Saturday, January 31, 2015

New Landscape and a Short Boss Fight

A new video is up, showing the 2D/3D toggle and another landscape. At the end of the level, the evil space train is dealt with swiftly.
After uploading the last video I saw that the energy bars were not updating, which is now fixed.
In the video the first few seconds show a "traditional" bird's eye view of vertical scrolling Shoot'em Ups. The rest of the video uses forward scrolling.

Wednesday, January 28, 2015

Videos now hosted on Youtube channel

I am continuing my experiments with video recording and hosting. Seems like YouTube's video quality is far superior to their own blogspot-hosted videos!

My next steps are some bugfixing and then to offer a small demo for download.

Tuesday, January 27, 2015

Another Video and RSS Feeds

I put another video up in the Media section in an attempt to improve the video quality. I will keep experimenting, maybe I will have to upload to YouTube for better quality.

I noticed that the Chrome browser does not come with any feed reader support. To subscribe this page, for most browsers scrolling all the way down to "Submit to Posts" is the way. Chrome users would have to install the RSS feed reader plug-in and will then find an orange feed icon in the navigation bar. *Sigh of relief*

Monday, January 26, 2015

Gameplay video

I was checking out Open Broadcaster Software and created a gameplay video. You can see two players shooting down some bogies over 2 minutes. This is how the campaign or survival modes would work. All current weapon types are shown, but only one enemy type. This video is also without sound, but there will be more to follow. By the way, the game has a friendly fire setting for those who like to get into arguments with whoever they are sitting next to playing.

Head to the video over at Media

Saturday, January 24, 2015

Modding Horizon Blaster

Game modifications...

We know that nobody has time to waste anymore and that people are sitting on endless bucket lists of games they want to play at some moment. Then why do game developers even bother and facilitate modding of their title? The consensus is that this increases the metaphorical life span of a title. Take a look at how Starcraft's custom map feature lifted off, spawning the tower defense genre. Warcraft 3 repeated the same stunt creating MOBA style games. These successes are based on excellent customization tools.

My aim is not the same quality of tools because my priority is to get the game done and polished. Most modding capabilities of the game came automatically instead of being grafted onto. Usually loading data from files is usually the most versatile way to develop and avoid program compilation times and content creation turnaround. The benefit of this data driven programming technique shall also help the players to tweak the game or create their own content. Maybe an entire "mod" will appear, who knows?

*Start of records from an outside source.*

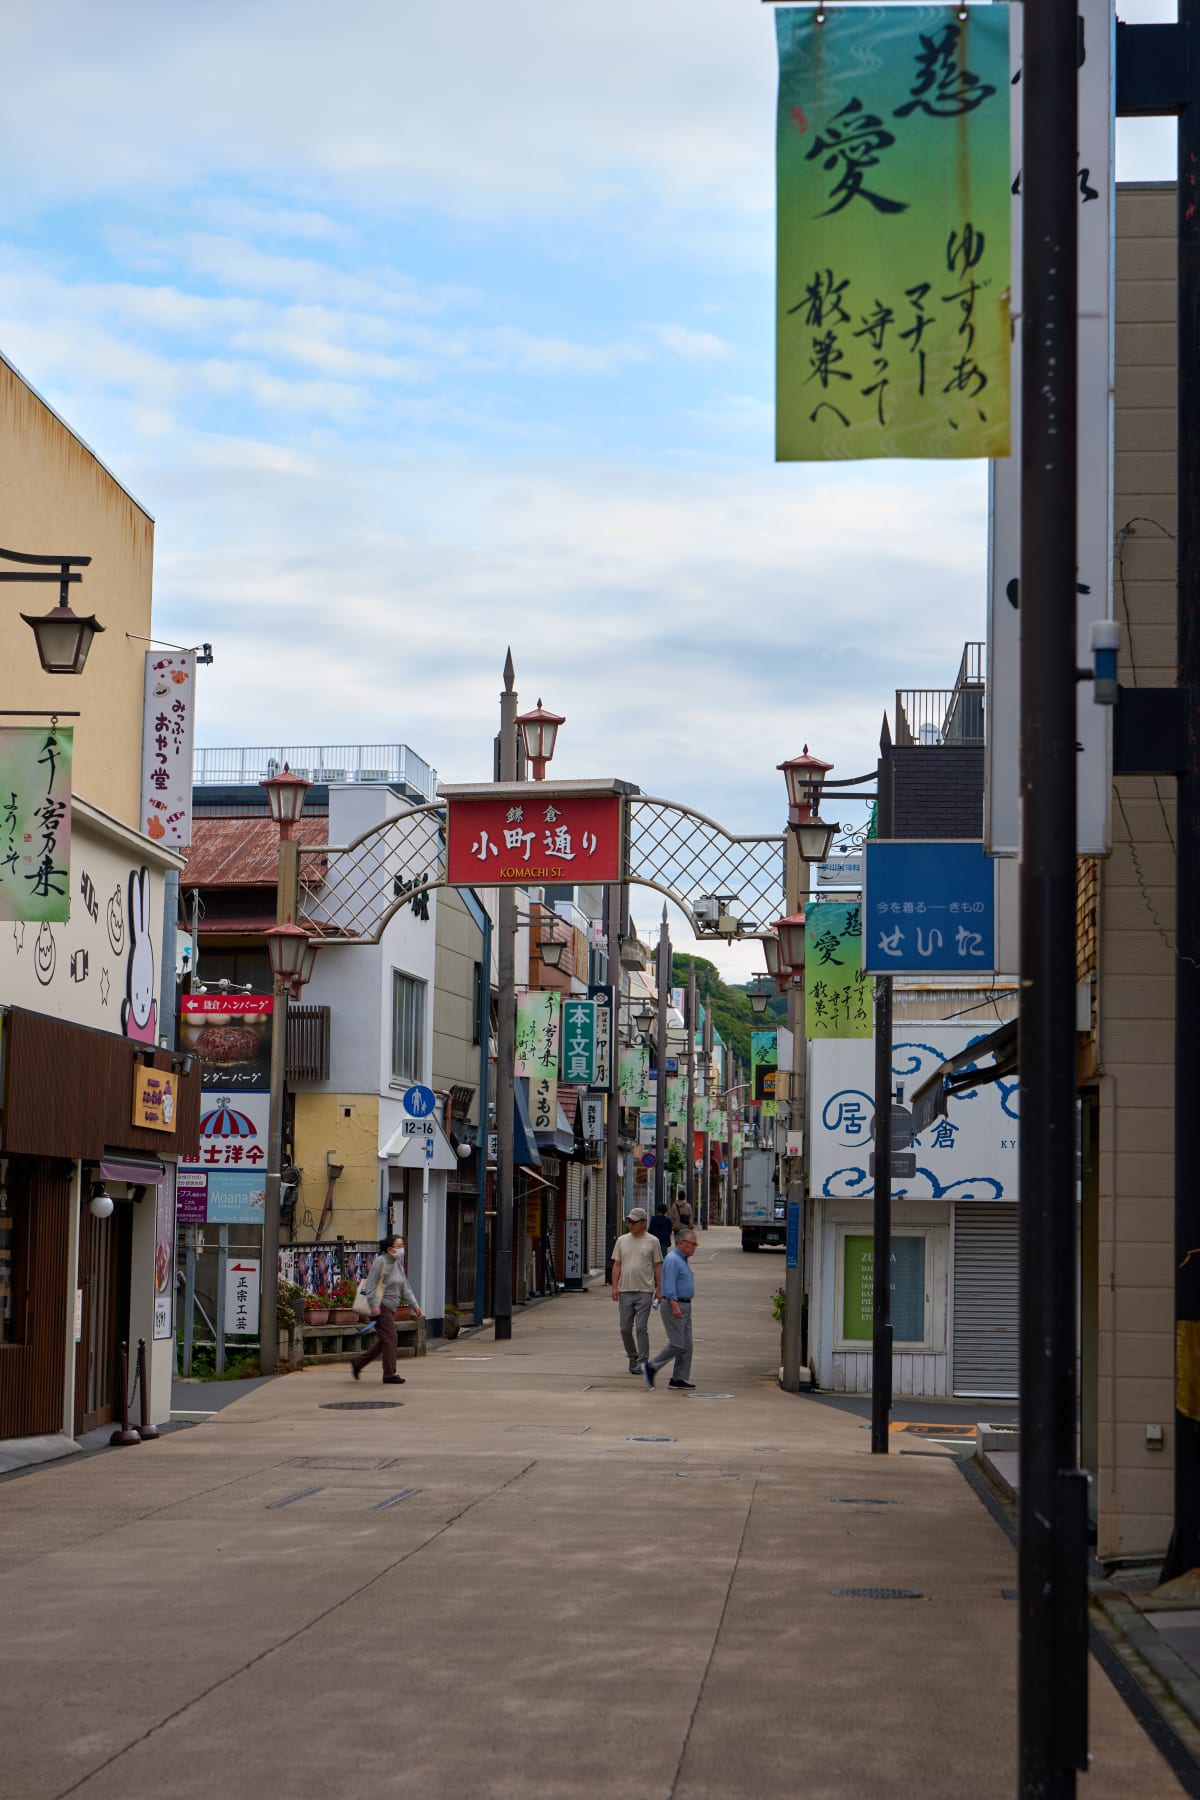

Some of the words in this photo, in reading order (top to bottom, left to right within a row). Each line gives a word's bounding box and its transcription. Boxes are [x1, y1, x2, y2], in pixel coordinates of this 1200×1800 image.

[787, 268, 853, 427] 散策へ
[900, 282, 936, 397] マナー
[942, 222, 994, 430] ゆずりあい
[852, 299, 896, 426] 守って
[150, 711, 171, 791] おやつ堂
[24, 736, 69, 897] 千客万来
[505, 804, 563, 823] 鎌倉
[470, 825, 598, 861] 小町通り
[500, 867, 549, 878] KOMACHI
[405, 1122, 434, 1134] 12-16
[536, 1078, 551, 1128] きもの
[210, 1192, 248, 1204] Moana
[236, 1276, 248, 1331] 正宗工芸
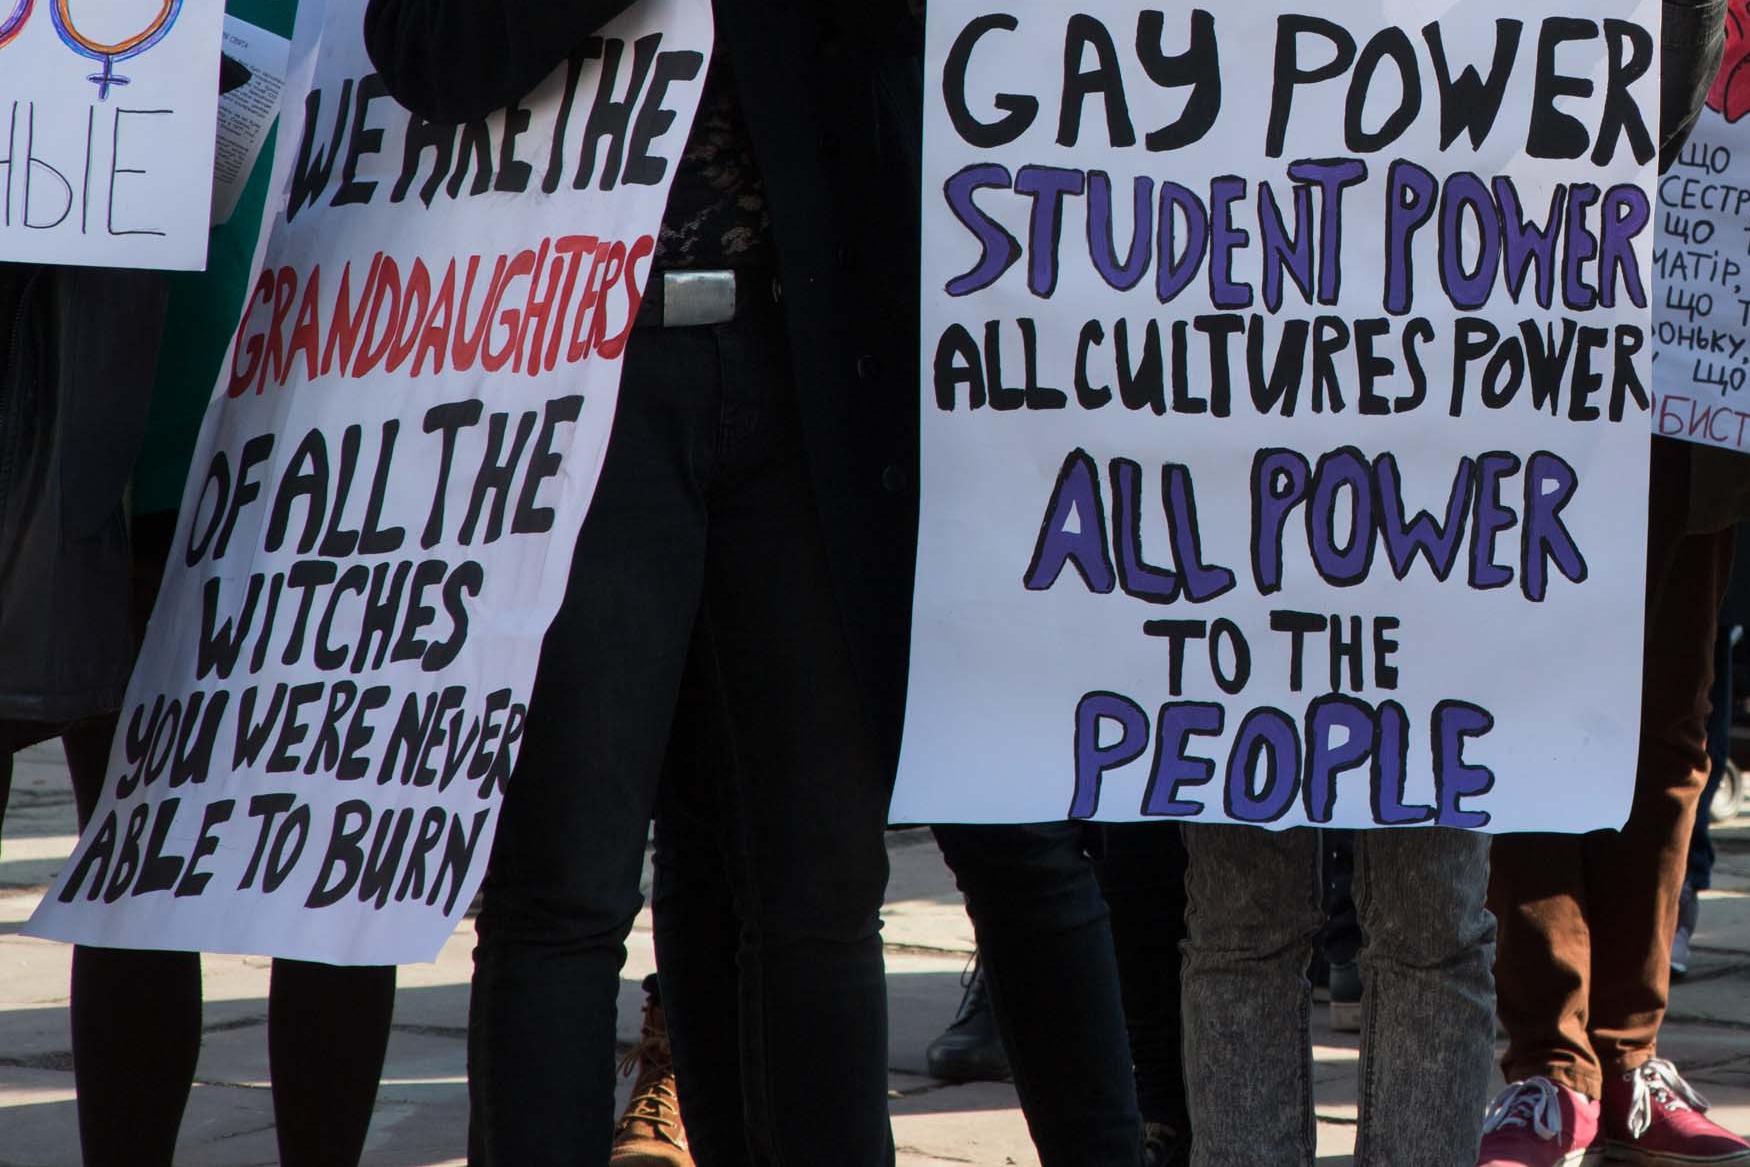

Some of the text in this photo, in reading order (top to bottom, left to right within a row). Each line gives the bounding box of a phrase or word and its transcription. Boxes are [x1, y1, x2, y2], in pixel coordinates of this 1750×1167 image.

[286, 73, 387, 224] WE
[542, 32, 704, 194] THE
[941, 8, 1657, 167] GAY POWER
[1677, 142, 1731, 176] ЩО
[943, 158, 1650, 317] STUDENT POWER
[1664, 210, 1715, 245] ЩО
[226, 234, 655, 399] GRANDDAUGHTERS
[1651, 321, 1750, 365] ОНЬКУ,
[1666, 285, 1713, 322] ЩО
[932, 314, 1650, 423] ALL CULTURES POWER
[1692, 358, 1746, 397] ЩО
[184, 394, 585, 568] OF ALL THE
[1022, 444, 1590, 604] ALL POWER
[195, 560, 485, 681] WITCHES
[1142, 609, 1401, 697] TO THE
[115, 680, 528, 800] YOU WERE NEVER
[1067, 689, 1496, 828] PEOPLE
[57, 792, 491, 917] ABLE TO BURN

Because I am planning for an online highscore list, there will be mechanisms that disallow scores achieved in a mod from going to the list of official version high scores.


Here is the current state of technologies I use to build my ship create Horizon Blaster.

Languages and Frameworks
  • C++ game and "engine" code
  • Python for internal workflow scripts
  • OpenGL for graphics
  • GLEW to facilitate OpenGL
  • SDL for input and sound
  • FTGL for font rendering (will cycle this out, soon)

Main Tools
  • Visual Studio Express(!)
  • WScite as text editor
  • Blender to model the ships
  • Paint.NET for terrain and textures
  • sfxr for sound creation
  • NSIS for the installer (will change to WiX)
Debugging Tools

These don't go into released versions, but accelerate development.
  • glIntercept
  • AntTweakBar
If you have questions about any of these tools and how I use them, drop me a note. I can explain more in a future post :).

Friday, January 23, 2015


Welcome to the wonderful world of space ship shooting.

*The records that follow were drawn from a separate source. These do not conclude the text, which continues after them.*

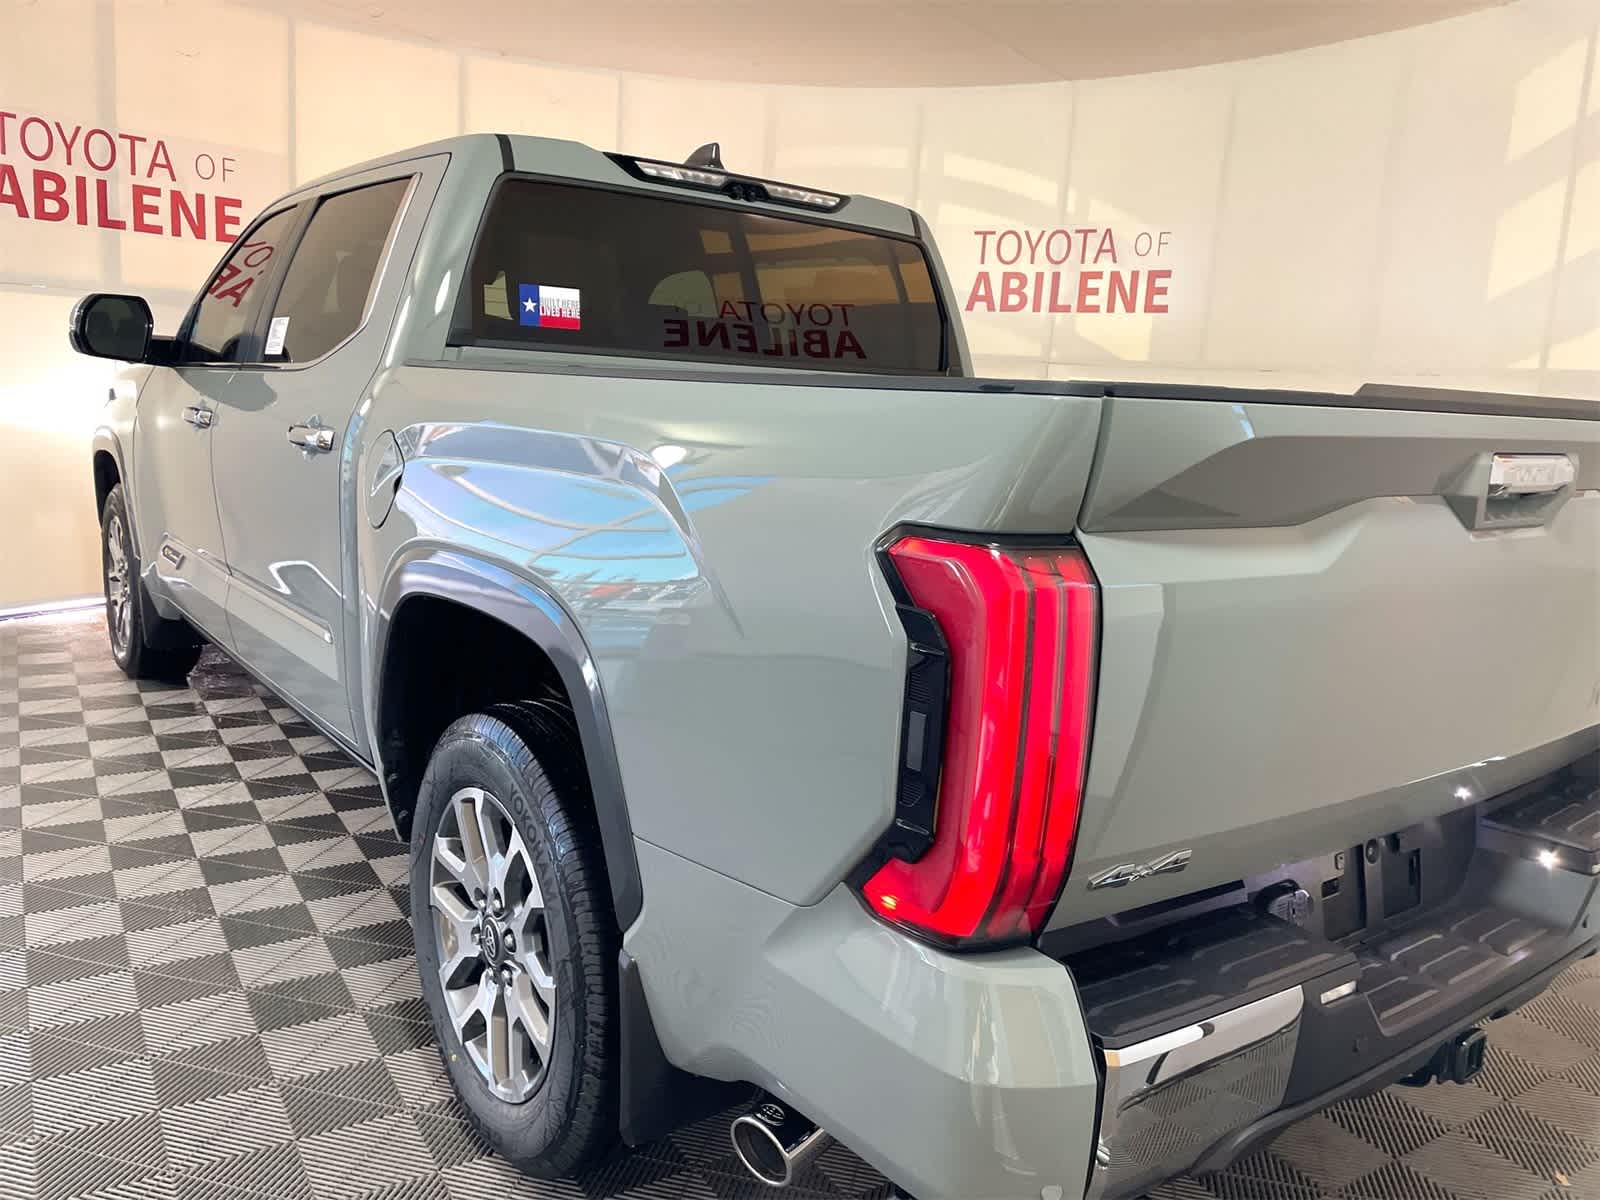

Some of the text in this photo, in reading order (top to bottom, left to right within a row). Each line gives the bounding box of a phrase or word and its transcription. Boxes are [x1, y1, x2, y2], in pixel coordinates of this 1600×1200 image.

[0, 111, 236, 183] TOYOTA OF
[0, 164, 242, 243] ABILENE
[974, 228, 1172, 265] TOYOTA OF
[965, 270, 1172, 313] ABILENE
[561, 308, 581, 319] HERE

You will find news and background info for my game Horizon Blaster right here.

I am hoping to upgrade regularly, should that ever not be so then you must drop me a line and I will push a couple more pixels onto the web.

My plan is also to submit a few technical articles here, so if there is any particular technique or implementation you are interested in, then ask!

Now, to our protagonist:

Horizon Blaster

Forward Scrolling Shoot'em up

Coming in 2015 to desktop PCs

Wait, "forward" scroller, is that a thing?

I honestly don't know, unlike vertical or horizontal scrollers, I have never heard this categorization from anybody else...
Better answer: Well, yes I think they do! What about Space Harrier, which appeared in 1985 and whose "super scaler" hardware dominated its kind well into the 90s.
We also saw After Burner in 1987. By the way, both were created under lead of Yu Suzuka at Sega.

My definition of forward scroller is this:
Where scrolling horizontally is movement of the world along the x axis, vertically means y axis and forward along the z axis.
In a forward scroller the world advances screenwards, in the direction the player looks, the player's forward.

Don't let anybody call this style of play a "rails shooter". It can't be named that because the player is allowed to move to the sides in order to aim. A rails shooter in my definition restrains you to a fixed location but allows you to aim freely.

I am closing with mention of another defining element of all shmups.

Forward ever, backward never!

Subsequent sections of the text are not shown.